= PROVIDED RECORDS =
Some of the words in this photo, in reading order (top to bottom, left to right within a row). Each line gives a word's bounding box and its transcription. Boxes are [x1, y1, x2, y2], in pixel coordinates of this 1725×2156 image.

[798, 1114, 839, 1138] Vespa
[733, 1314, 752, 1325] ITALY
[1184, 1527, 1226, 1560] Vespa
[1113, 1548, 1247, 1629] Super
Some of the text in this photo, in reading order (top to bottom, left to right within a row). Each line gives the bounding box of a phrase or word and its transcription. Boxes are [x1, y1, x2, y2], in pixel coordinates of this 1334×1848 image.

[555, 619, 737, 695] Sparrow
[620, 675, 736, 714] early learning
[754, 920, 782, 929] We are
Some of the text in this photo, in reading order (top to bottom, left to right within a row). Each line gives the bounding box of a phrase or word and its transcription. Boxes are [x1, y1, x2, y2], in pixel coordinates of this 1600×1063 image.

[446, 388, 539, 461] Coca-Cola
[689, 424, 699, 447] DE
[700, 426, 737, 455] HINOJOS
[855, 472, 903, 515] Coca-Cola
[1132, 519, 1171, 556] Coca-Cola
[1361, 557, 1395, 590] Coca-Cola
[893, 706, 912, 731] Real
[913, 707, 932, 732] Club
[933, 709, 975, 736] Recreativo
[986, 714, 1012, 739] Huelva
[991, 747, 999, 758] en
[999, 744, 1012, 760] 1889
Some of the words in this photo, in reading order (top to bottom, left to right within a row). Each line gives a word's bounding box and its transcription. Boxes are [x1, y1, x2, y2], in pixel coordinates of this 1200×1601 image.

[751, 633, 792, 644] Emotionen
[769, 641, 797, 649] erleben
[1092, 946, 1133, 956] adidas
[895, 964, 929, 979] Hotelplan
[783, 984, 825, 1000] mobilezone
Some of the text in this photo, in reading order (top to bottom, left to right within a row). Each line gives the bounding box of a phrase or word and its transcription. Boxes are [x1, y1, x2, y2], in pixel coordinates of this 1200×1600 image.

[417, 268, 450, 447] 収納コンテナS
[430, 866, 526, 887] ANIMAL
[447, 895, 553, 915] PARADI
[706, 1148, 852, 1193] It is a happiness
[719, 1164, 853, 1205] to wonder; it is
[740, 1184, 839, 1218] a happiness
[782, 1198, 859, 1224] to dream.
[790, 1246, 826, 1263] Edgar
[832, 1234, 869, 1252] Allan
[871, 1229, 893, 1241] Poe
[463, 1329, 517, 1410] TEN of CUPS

= YOUR ASSIGNMENT =
Give all the lines above again, exactly.

= WRITTEN SOLUTION =
Some of the words in this photo, in reading order (top to bottom, left to right within a row). Each line gives a word's bounding box and its transcription. Boxes are [x1, y1, x2, y2], in pixel coordinates of this 1725×2156 image.

[798, 1114, 839, 1138] Vespa
[733, 1314, 752, 1325] ITALY
[1184, 1527, 1226, 1560] Vespa
[1113, 1548, 1247, 1629] Super
Some of the text in this photo, in reading order (top to bottom, left to right within a row). Each line gives the bounding box of a phrase or word and its transcription. Boxes are [x1, y1, x2, y2], in pixel coordinates of this 1334×1848 image.

[555, 619, 737, 695] Sparrow
[620, 675, 736, 714] early learning
[754, 920, 782, 929] We are
Some of the text in this photo, in reading order (top to bottom, left to right within a row). Each line gives the bounding box of a phrase or word and its transcription. Boxes are [x1, y1, x2, y2], in pixel coordinates of this 1600×1063 image.

[446, 388, 539, 461] Coca-Cola
[689, 424, 699, 447] DE
[700, 426, 737, 455] HINOJOS
[855, 472, 903, 515] Coca-Cola
[1132, 519, 1171, 556] Coca-Cola
[1361, 557, 1395, 590] Coca-Cola
[893, 706, 912, 731] Real
[913, 707, 932, 732] Club
[933, 709, 975, 736] Recreativo
[986, 714, 1012, 739] Huelva
[991, 747, 999, 758] en
[999, 744, 1012, 760] 1889
Some of the words in this photo, in reading order (top to bottom, left to right within a row). Each line gives a word's bounding box and its transcription. Boxes are [x1, y1, x2, y2], in pixel coordinates of this 1200×1601 image.

[751, 633, 792, 644] Emotionen
[769, 641, 797, 649] erleben
[1092, 946, 1133, 956] adidas
[895, 964, 929, 979] Hotelplan
[783, 984, 825, 1000] mobilezone
Some of the text in this photo, in reading order (top to bottom, left to right within a row). Each line gives the bounding box of a phrase or word and its transcription. Boxes are [x1, y1, x2, y2], in pixel coordinates of this 1200×1600 image.

[417, 268, 450, 447] 収納コンテナS
[430, 866, 526, 887] ANIMAL
[447, 895, 553, 915] PARADI
[706, 1148, 852, 1193] It is a happiness
[719, 1164, 853, 1205] to wonder; it is
[740, 1184, 839, 1218] a happiness
[782, 1198, 859, 1224] to dream.
[790, 1246, 826, 1263] Edgar
[832, 1234, 869, 1252] Allan
[871, 1229, 893, 1241] Poe
[463, 1329, 517, 1410] TEN of CUPS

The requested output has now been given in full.